§ **DESCRIPTION OF THE TASK**: Give back all of the data exactly as it stands, with the pictures removed.

§ **DATA PROVIDED**:
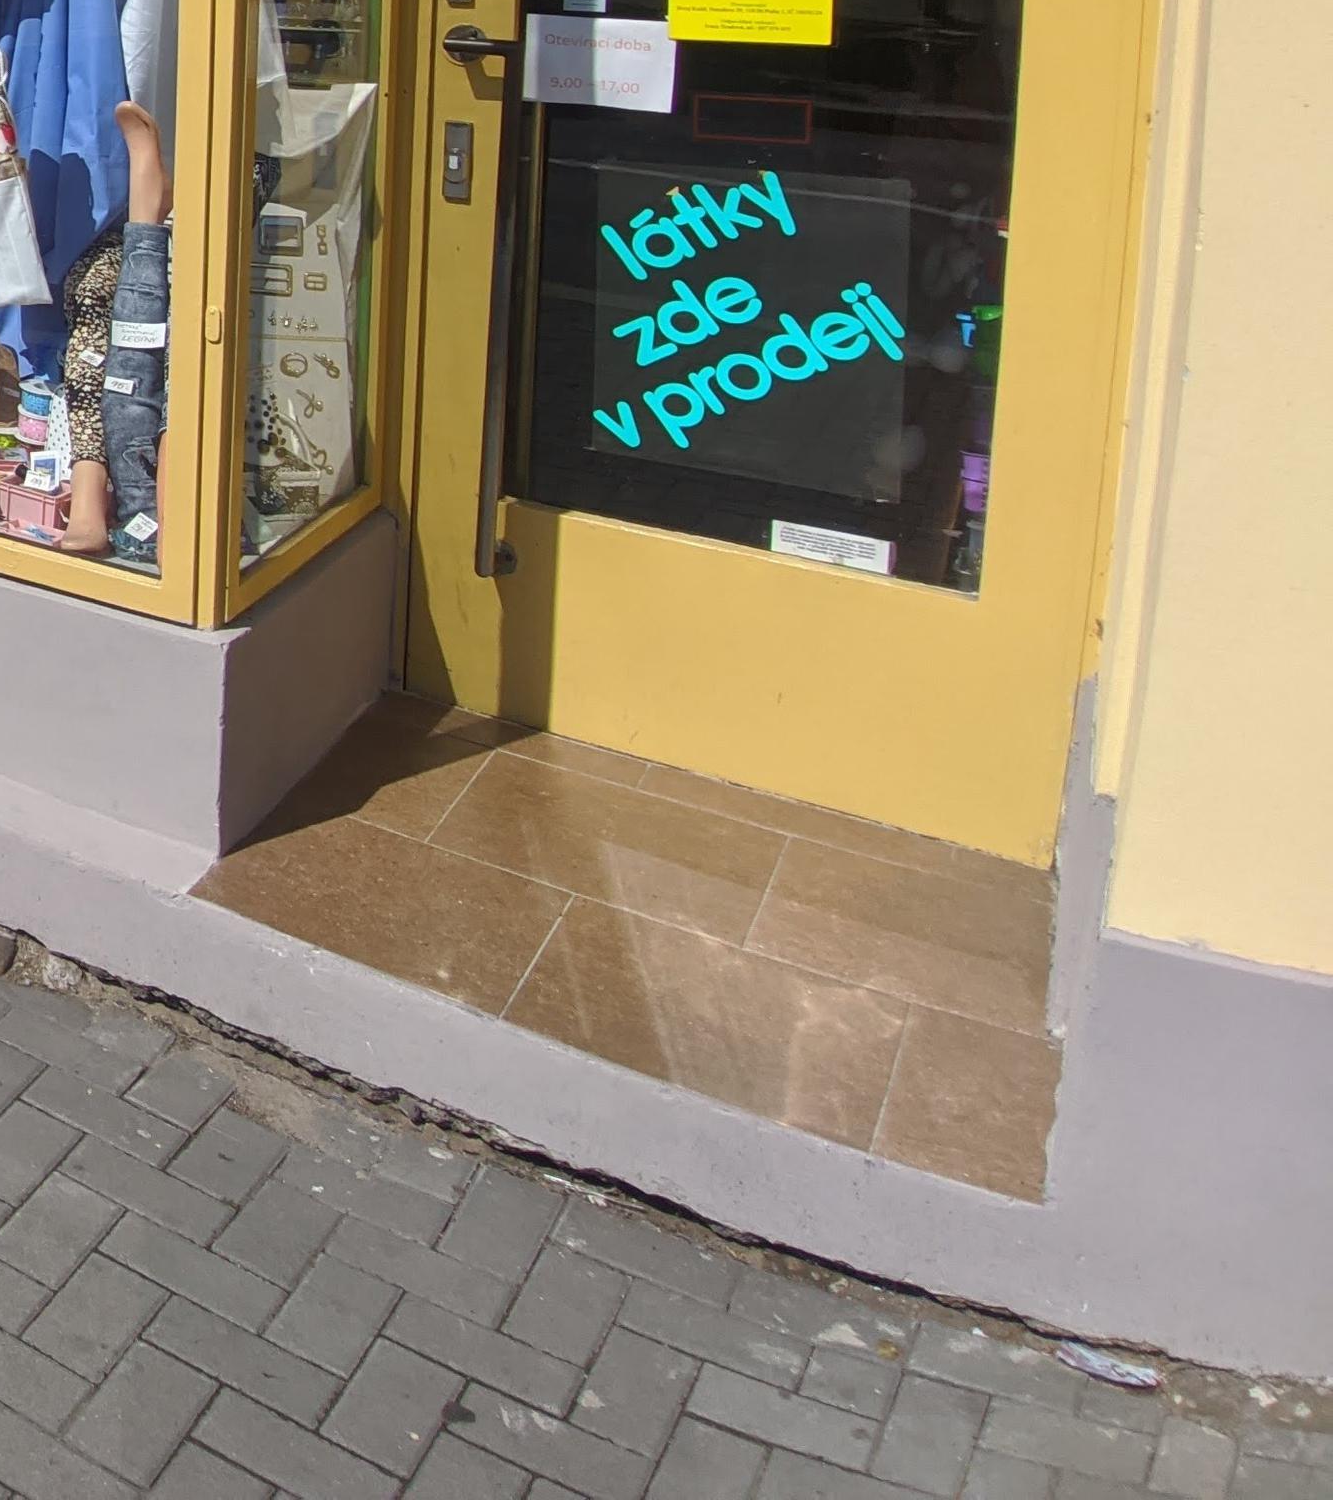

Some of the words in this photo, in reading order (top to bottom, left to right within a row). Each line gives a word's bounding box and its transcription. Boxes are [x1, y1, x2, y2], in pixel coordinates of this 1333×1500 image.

[549, 76, 582, 90] 9.00
[613, 38, 652, 53] doba
[600, 170, 797, 281] látky
[592, 400, 642, 449] v
[642, 281, 906, 449] prodeji
[612, 276, 763, 367] zde
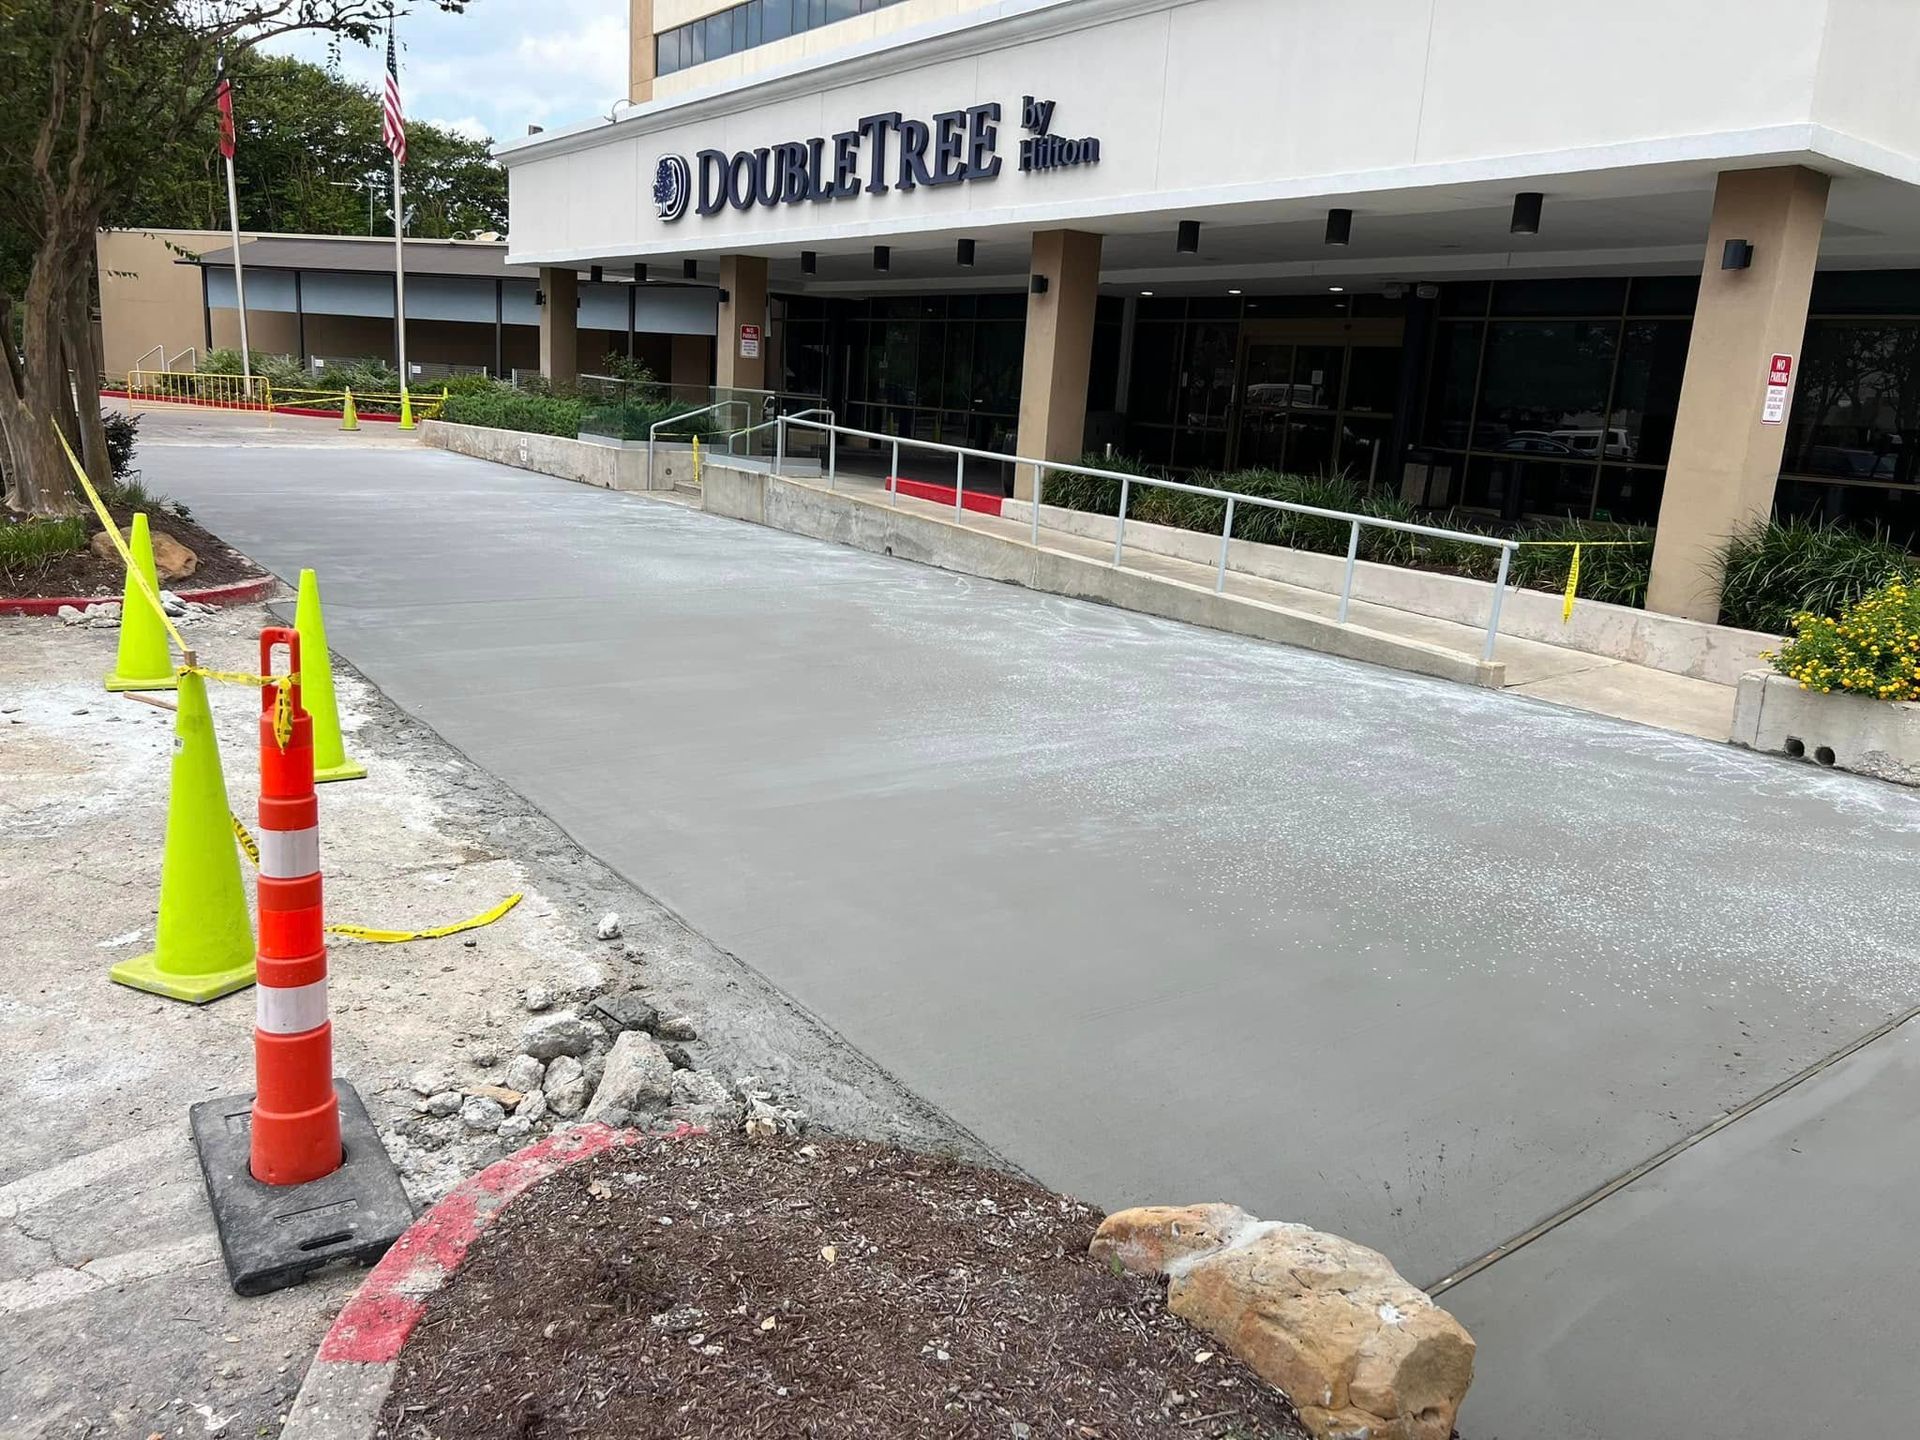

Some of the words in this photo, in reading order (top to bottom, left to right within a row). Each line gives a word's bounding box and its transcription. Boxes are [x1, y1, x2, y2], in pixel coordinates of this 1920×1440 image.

[1021, 95, 1056, 135] by
[1018, 134, 1100, 171] Hilton
[1770, 371, 1788, 383] PARKING
[1776, 360, 1786, 370] NO
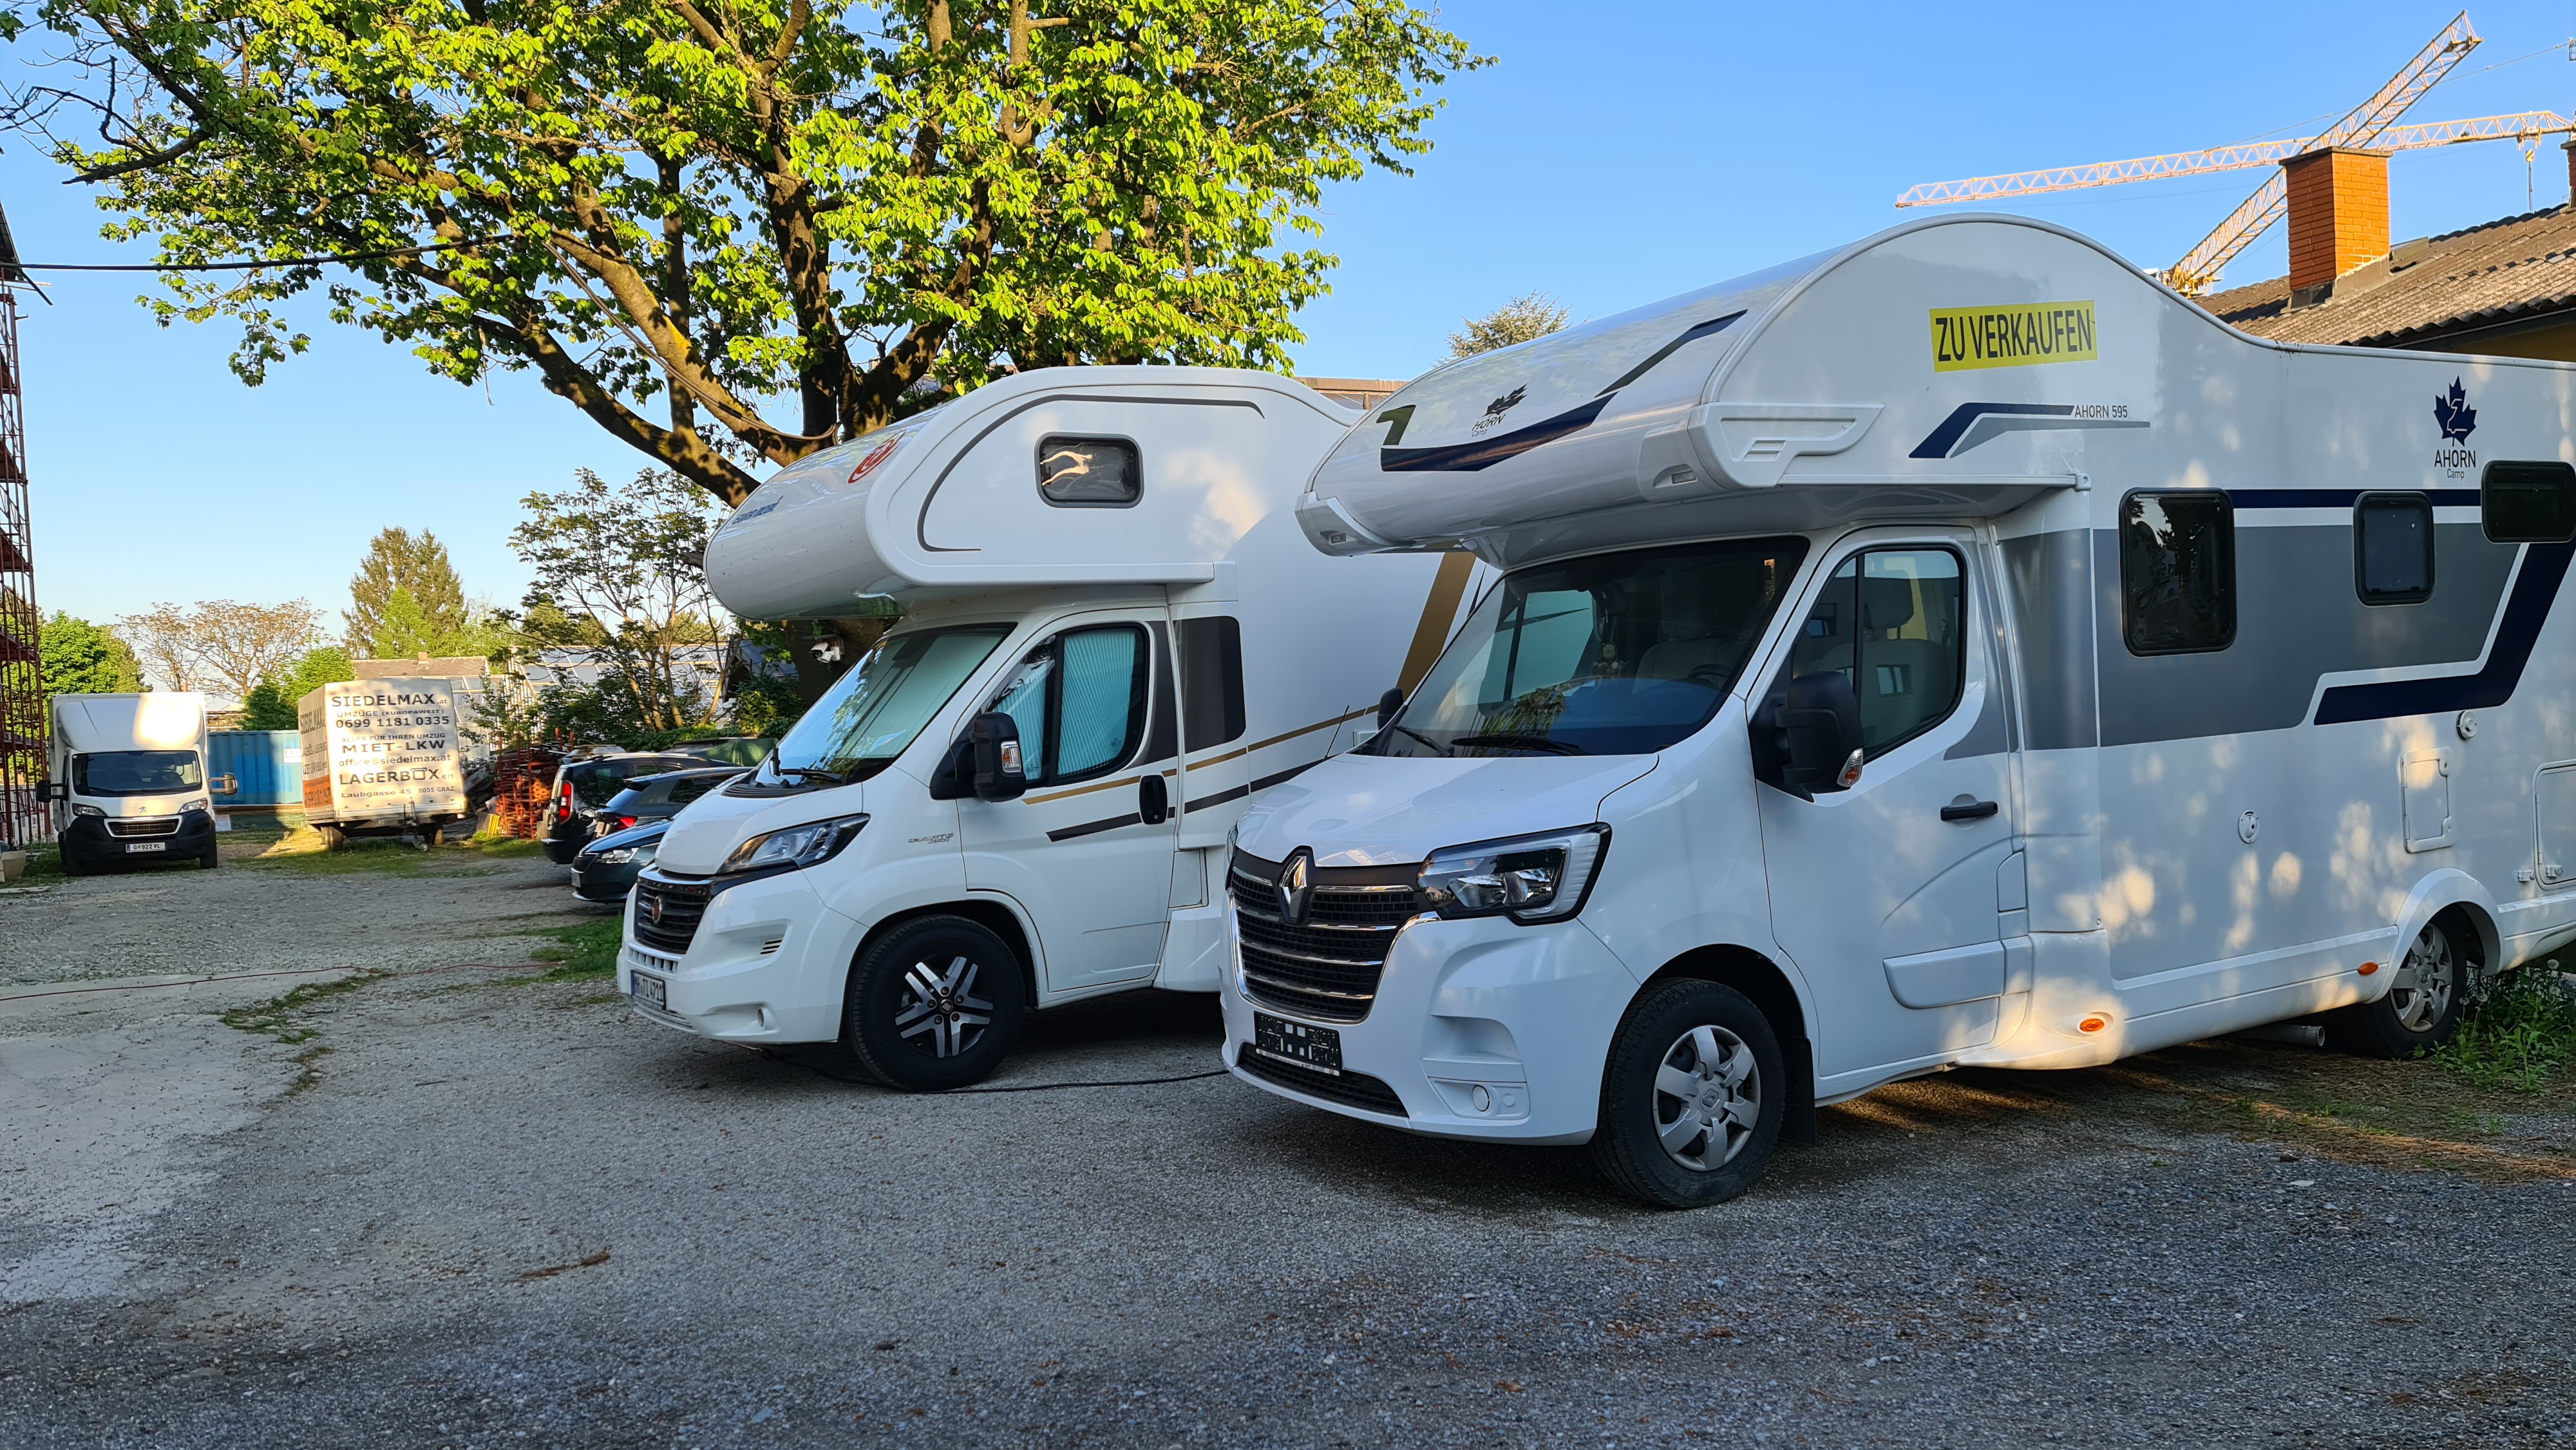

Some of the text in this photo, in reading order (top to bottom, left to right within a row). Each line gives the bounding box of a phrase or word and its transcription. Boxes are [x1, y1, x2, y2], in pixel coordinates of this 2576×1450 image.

[1935, 308, 2092, 362] ZU VERKAUFEN
[2074, 404, 2128, 418] AHORN 595
[2434, 449, 2476, 468] AHORN
[2447, 468, 2465, 481] Camp
[337, 710, 379, 718] UMZÜGE
[336, 716, 450, 728] 0699 1181 0335
[342, 740, 446, 754] MIET-LKW
[338, 753, 452, 766] office@siedelmax.at
[341, 790, 396, 798] Laubgasse
[650, 981, 663, 1002] 4711

§ **SOLUTION**:
Some of the words in this photo, in reading order (top to bottom, left to right within a row). Each line gives a word's bounding box and its transcription. Boxes are [x1, y1, x2, y2], in pixel coordinates of this 1333×1500 image.

[549, 76, 582, 90] 9.00
[613, 38, 652, 53] doba
[600, 170, 797, 281] látky
[592, 400, 642, 449] v
[642, 281, 906, 449] prodeji
[612, 276, 763, 367] zde

Some of the words in this photo, in reading order (top to bottom, left to right within a row). Each line gives a word's bounding box and its transcription. Boxes are [x1, y1, x2, y2], in pixel coordinates of this 1920×1440 image.

[1021, 95, 1056, 135] by
[1018, 134, 1100, 171] Hilton
[1770, 371, 1788, 383] PARKING
[1776, 360, 1786, 370] NO

Some of the text in this photo, in reading order (top to bottom, left to right within a row). Each line gives the bounding box of a phrase or word and its transcription. Boxes are [x1, y1, x2, y2], in pixel coordinates of this 2576×1450 image.

[1935, 308, 2092, 362] ZU VERKAUFEN
[2074, 404, 2128, 418] AHORN 595
[2434, 449, 2476, 468] AHORN
[2447, 468, 2465, 481] Camp
[337, 710, 379, 718] UMZÜGE
[336, 716, 450, 728] 0699 1181 0335
[342, 740, 446, 754] MIET-LKW
[338, 753, 452, 766] office@siedelmax.at
[341, 790, 396, 798] Laubgasse
[650, 981, 663, 1002] 4711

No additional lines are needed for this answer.